● Exercise aim
The result should be an exact copy of every record, with no pictures kept.

● Record extracts
★ ★ ★
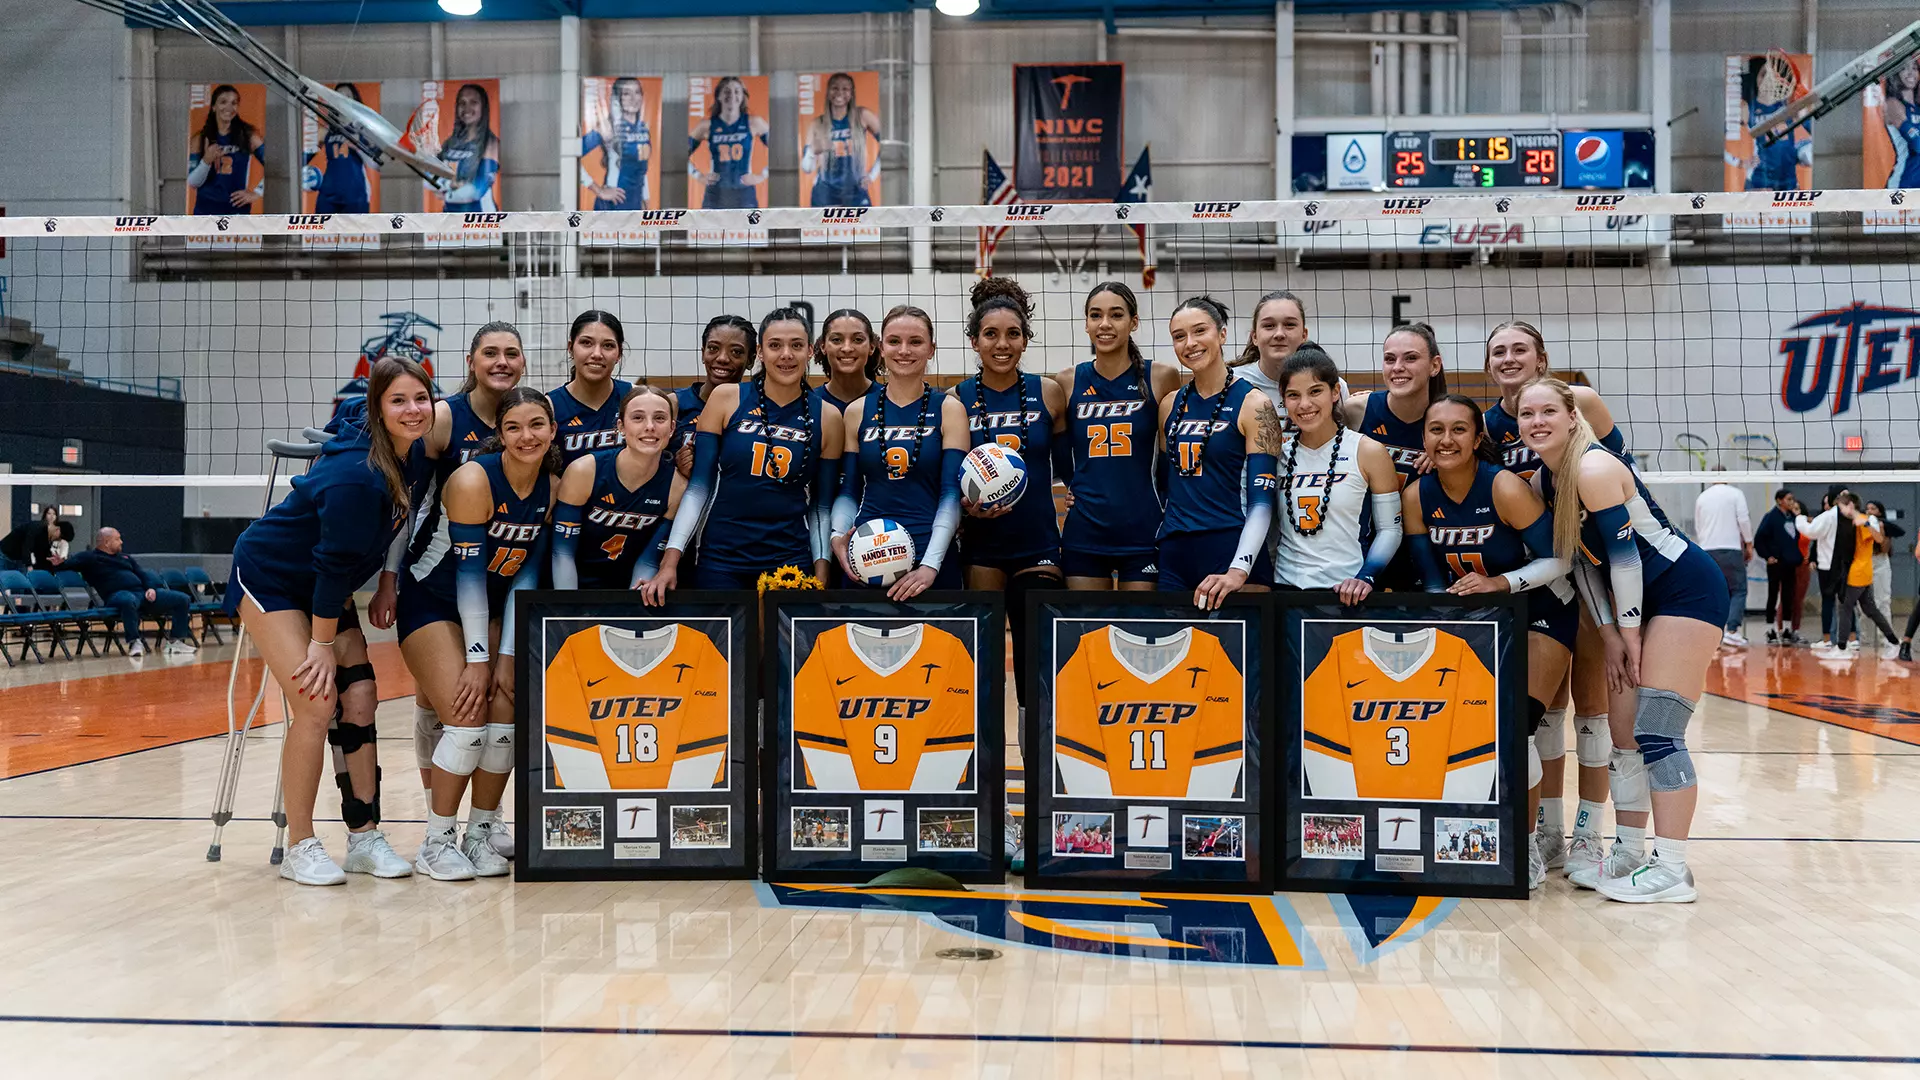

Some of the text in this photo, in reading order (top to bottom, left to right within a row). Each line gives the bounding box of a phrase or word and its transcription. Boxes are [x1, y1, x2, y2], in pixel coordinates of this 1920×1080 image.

[1034, 118, 1104, 134] NIVC
[711, 132, 749, 144] UTEP
[1394, 137, 1421, 149] UTEP
[1515, 136, 1558, 148] VISITOR
[1395, 151, 1425, 175] 25
[1525, 150, 1555, 174] 20
[1043, 166, 1094, 188] 2021
[1481, 167, 1495, 188] 3
[1384, 198, 1432, 209] UTEP
[1577, 195, 1626, 205] UTEP
[1773, 190, 1823, 201] UTEP
[643, 210, 687, 220] UTEP
[823, 207, 868, 218] UTEP
[1007, 205, 1053, 215] UTEP
[1194, 202, 1241, 213] UTEP
[116, 216, 158, 227] UTEP
[289, 214, 332, 225] UTEP
[464, 213, 508, 223] UTEP
[1725, 217, 1809, 226] VOLLEYBALL
[188, 235, 261, 244] VOLLEYBALL
[304, 235, 379, 244] VOLLEYBALL
[425, 232, 501, 242] VOLLEYBALL
[583, 231, 656, 240] VOLLEYBALL
[690, 231, 768, 240] VOLLEYBALL
[803, 228, 878, 237] VOLLEYBALL
[1076, 399, 1147, 420] UTEP
[969, 410, 1041, 432] UTEP
[738, 418, 813, 442] UTEP
[863, 425, 936, 443] UTEP
[1087, 422, 1132, 458] 25
[751, 441, 793, 479] 18
[886, 446, 910, 480] 9
[1178, 442, 1203, 477] 11
[987, 474, 1021, 501] molten
[1253, 477, 1276, 489] 915
[587, 506, 659, 530] UTEP
[1298, 496, 1321, 531] 3
[555, 524, 581, 536] 915
[1428, 524, 1495, 546] UTEP
[600, 533, 628, 561] 4
[873, 533, 891, 547] UTEP
[453, 546, 480, 557] 915
[861, 549, 887, 562] HANDE
[888, 545, 907, 556] YETIS
[487, 546, 527, 577] 12
[946, 687, 969, 695] C-USA
[1205, 695, 1229, 703] C-USA
[588, 696, 683, 720] UTEP
[838, 696, 932, 720] UTEP
[1097, 701, 1198, 726] UTEP
[1351, 698, 1448, 722] UTEP
[615, 723, 658, 763] 18
[874, 724, 898, 764] 9
[1129, 729, 1168, 770] 11
[1385, 726, 1409, 766] 3
★ ★ ★
● Output for this exercise
Some of the text in this photo, in reading order (top to bottom, left to right within a row). Each line gives the bounding box of a phrase or word and its transcription. Boxes are [x1, y1, x2, y2], in pixel coordinates of this 1920×1080 image.

[1034, 118, 1104, 134] NIVC
[711, 132, 749, 144] UTEP
[1394, 137, 1421, 149] UTEP
[1515, 136, 1558, 148] VISITOR
[1395, 151, 1425, 175] 25
[1525, 150, 1555, 174] 20
[1043, 166, 1094, 188] 2021
[1481, 167, 1495, 188] 3
[1384, 198, 1432, 209] UTEP
[1577, 195, 1626, 205] UTEP
[1773, 190, 1823, 201] UTEP
[643, 210, 687, 220] UTEP
[823, 207, 868, 218] UTEP
[1007, 205, 1053, 215] UTEP
[1194, 202, 1241, 213] UTEP
[116, 216, 158, 227] UTEP
[289, 214, 332, 225] UTEP
[464, 213, 508, 223] UTEP
[1725, 217, 1809, 226] VOLLEYBALL
[188, 235, 261, 244] VOLLEYBALL
[304, 235, 379, 244] VOLLEYBALL
[425, 232, 501, 242] VOLLEYBALL
[583, 231, 656, 240] VOLLEYBALL
[690, 231, 768, 240] VOLLEYBALL
[803, 228, 878, 237] VOLLEYBALL
[1076, 399, 1147, 420] UTEP
[969, 410, 1041, 432] UTEP
[738, 418, 813, 442] UTEP
[863, 425, 936, 443] UTEP
[1087, 422, 1132, 458] 25
[751, 441, 793, 479] 18
[886, 446, 910, 480] 9
[1178, 442, 1203, 477] 11
[987, 474, 1021, 501] molten
[1253, 477, 1276, 489] 915
[587, 506, 659, 530] UTEP
[1298, 496, 1321, 531] 3
[555, 524, 581, 536] 915
[1428, 524, 1495, 546] UTEP
[600, 533, 628, 561] 4
[873, 533, 891, 547] UTEP
[453, 546, 480, 557] 915
[861, 549, 887, 562] HANDE
[888, 545, 907, 556] YETIS
[487, 546, 527, 577] 12
[946, 687, 969, 695] C-USA
[1205, 695, 1229, 703] C-USA
[588, 696, 683, 720] UTEP
[838, 696, 932, 720] UTEP
[1097, 701, 1198, 726] UTEP
[1351, 698, 1448, 722] UTEP
[615, 723, 658, 763] 18
[874, 724, 898, 764] 9
[1129, 729, 1168, 770] 11
[1385, 726, 1409, 766] 3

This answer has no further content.